The following morning we woke to our first really cloudy day since entering Tajikistan. This moody, unseasonal weather would follow us almost all the way to Khorog, unfortunately often obscuring the mighty Hindu Kush mountain range that borders Afghanistan and Pakistan. A short cycle from our camp found us at a checkpoint and at the opening of a large river valley. Across the river lay Afghanistan, seemingly peaceful and unassuming. In fact, this part of Afghanistan is peaceful. In Khorog the Afghan embassy issues tourist visas (for $100 USD) and you can organise a tour to the Afghan Wakhan. While we did not go into Afghanistan itself, we were often camped closer to the Afghan settlements across the river, than to Tajik ones. We waved and called out ‘hellos’, watched the donkey traffic and observed how life on the Afghan side looked very similar to the Tajik side. The only real difference was that thanks to the Aga Khan foundation (the Aga Khan is the leader of Ismaili Islam), the Tajik Wakhan had electricity and a road. Well, a kind of road. Oh and also, the Afghan donkeys are a lot louder.
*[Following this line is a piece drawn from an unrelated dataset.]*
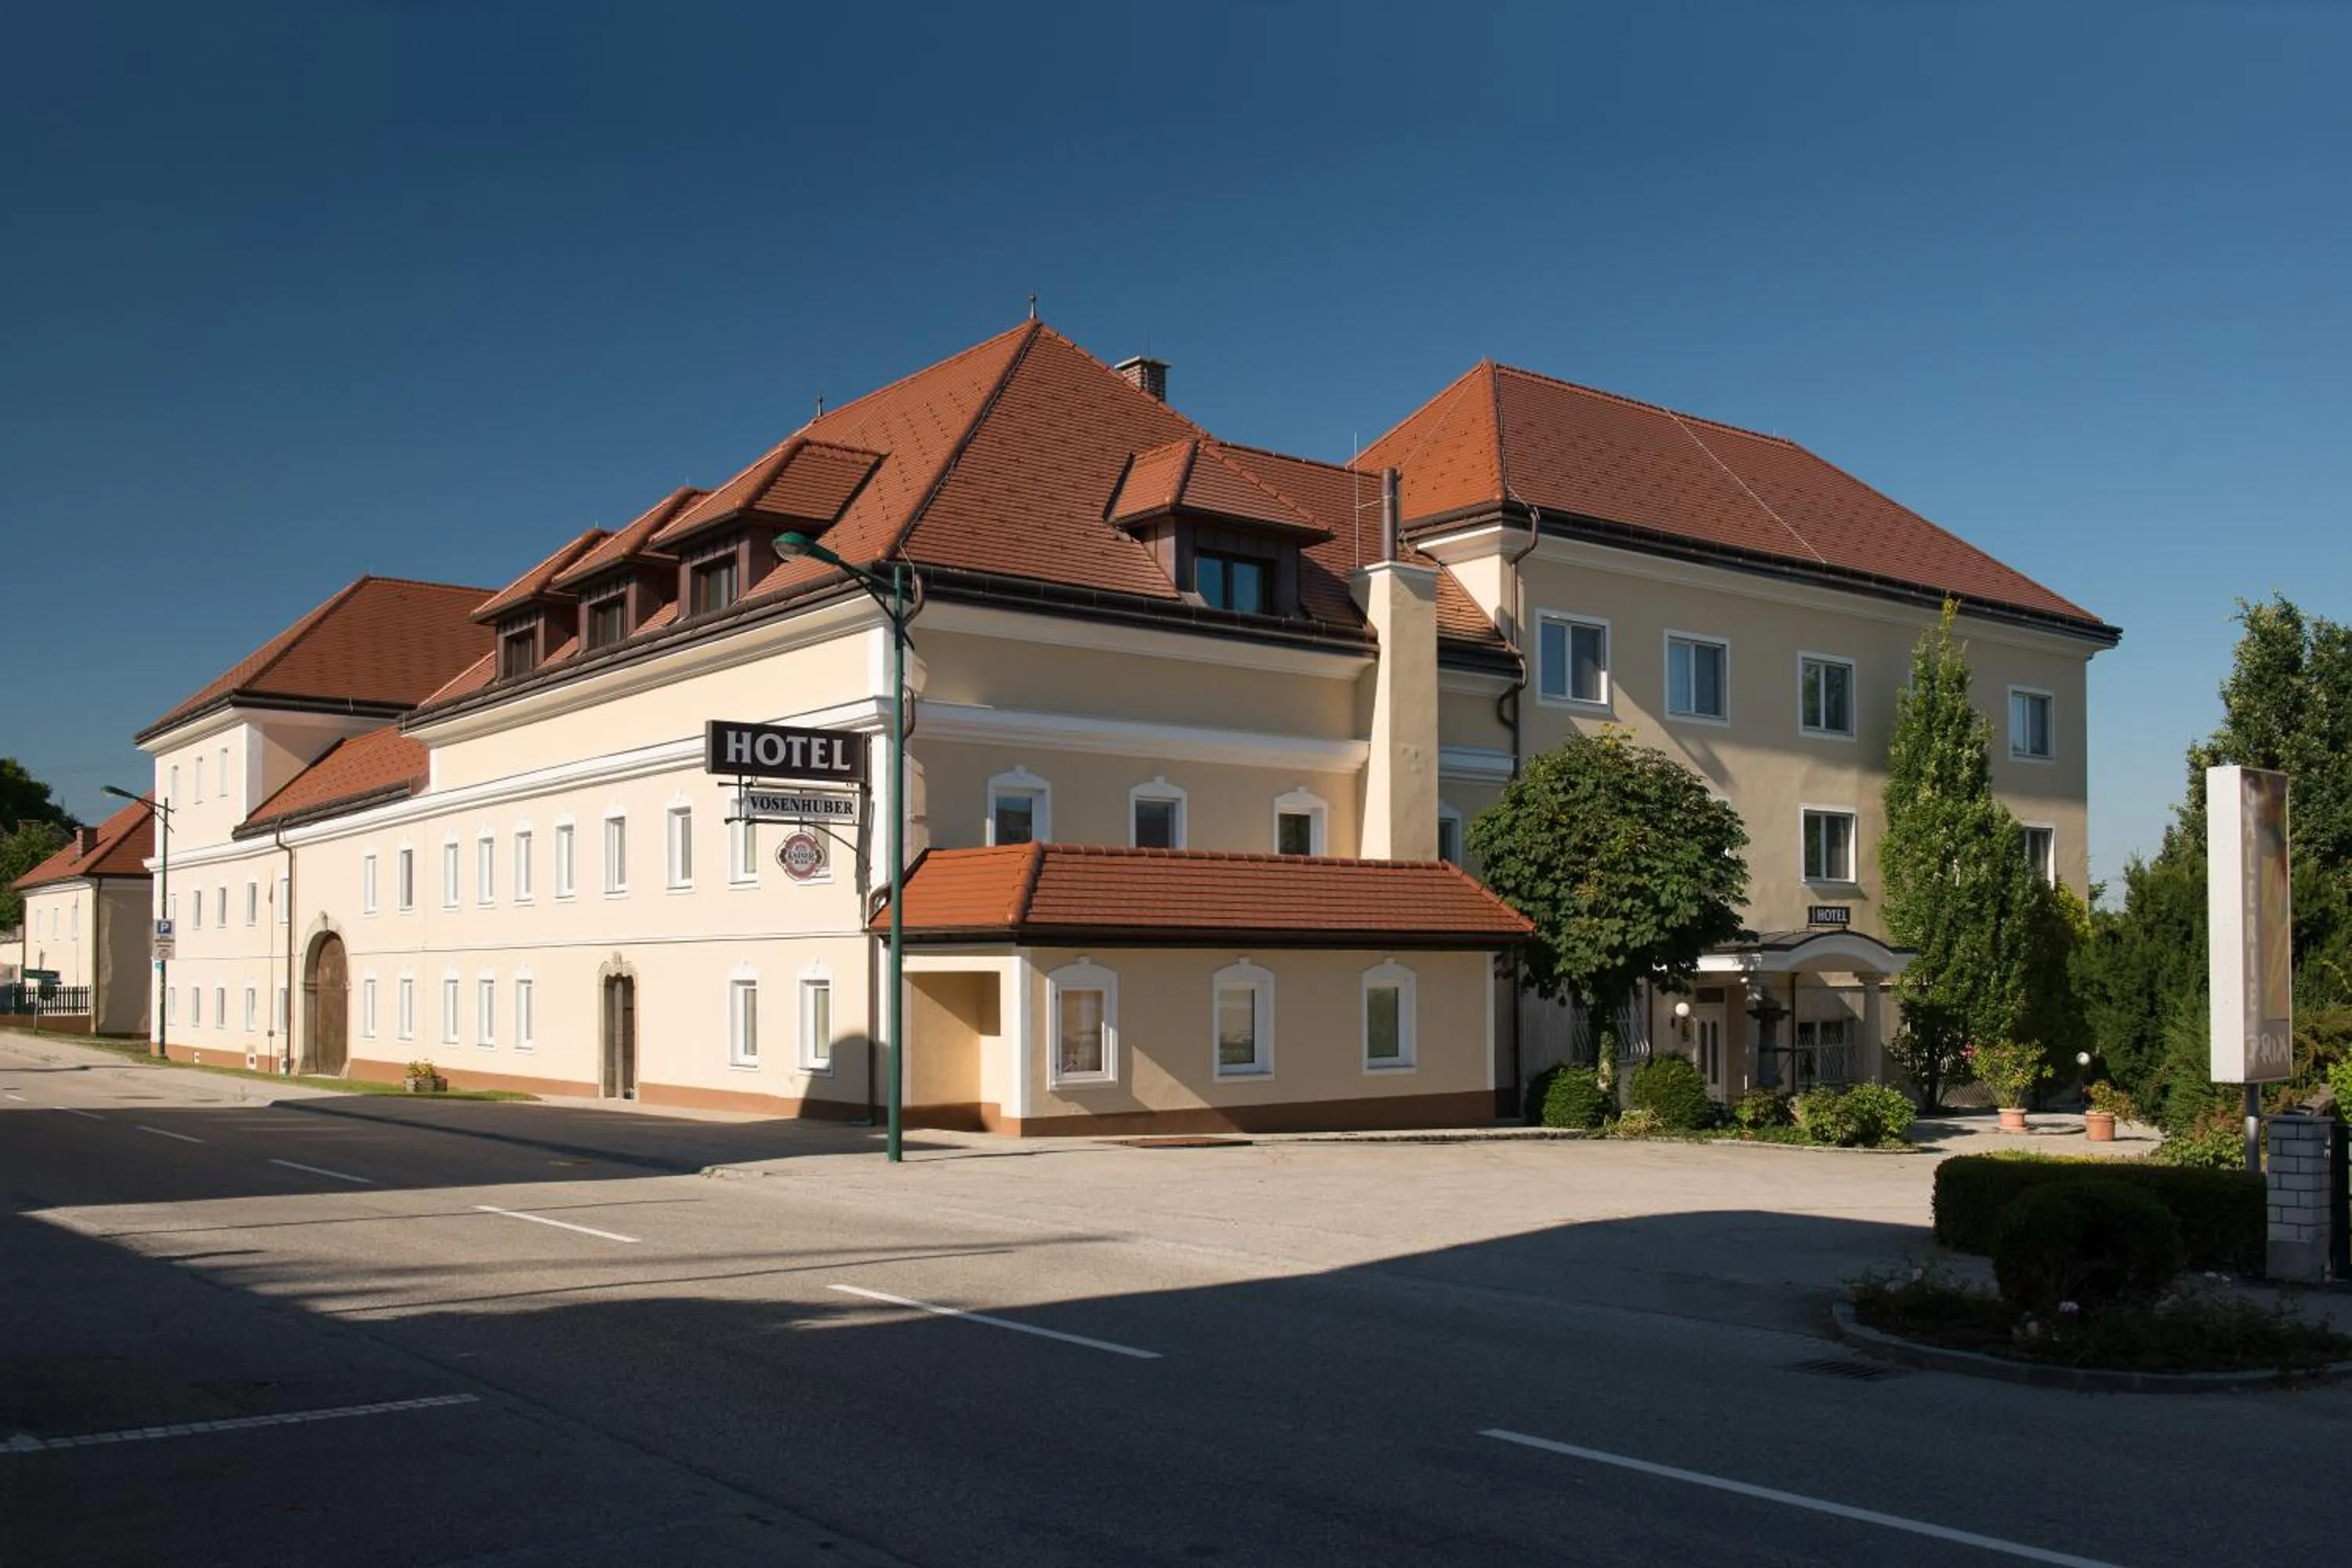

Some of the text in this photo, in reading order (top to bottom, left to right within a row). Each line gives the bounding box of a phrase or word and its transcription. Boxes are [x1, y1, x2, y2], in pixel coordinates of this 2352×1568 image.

[726, 730, 851, 771] HOTEL
[750, 796, 854, 814] VOSENHUBER
[1817, 909, 1848, 922] HOTEL
That first day we bumped and looped our way down into the Wakhan (sadly it wasn’t always actually down). The road was rough, and poor Neil had a few issues with his front rack. Towards the evening the weather really began to come in, a fierce wind blew and the occasional bouts of rain accompanied. We had wanted to camp, but up here on the exposed road there was very little shelter. Even when the first small settlement was reached, no choice camp spots revealed themselves. After a quick group discussion and a look at the blackening sky it was decided we would push on the Langar, the first larger village of the Wakhan. Luckily, from where we were it was downhill and we reached the first houses of Langar just as it was growing dark. While we were cycling through, looking for signs for homestays, a couple in an apricot orchard called Astrid over. After handing her a huge bag of apricots, they also invited us all in for the night.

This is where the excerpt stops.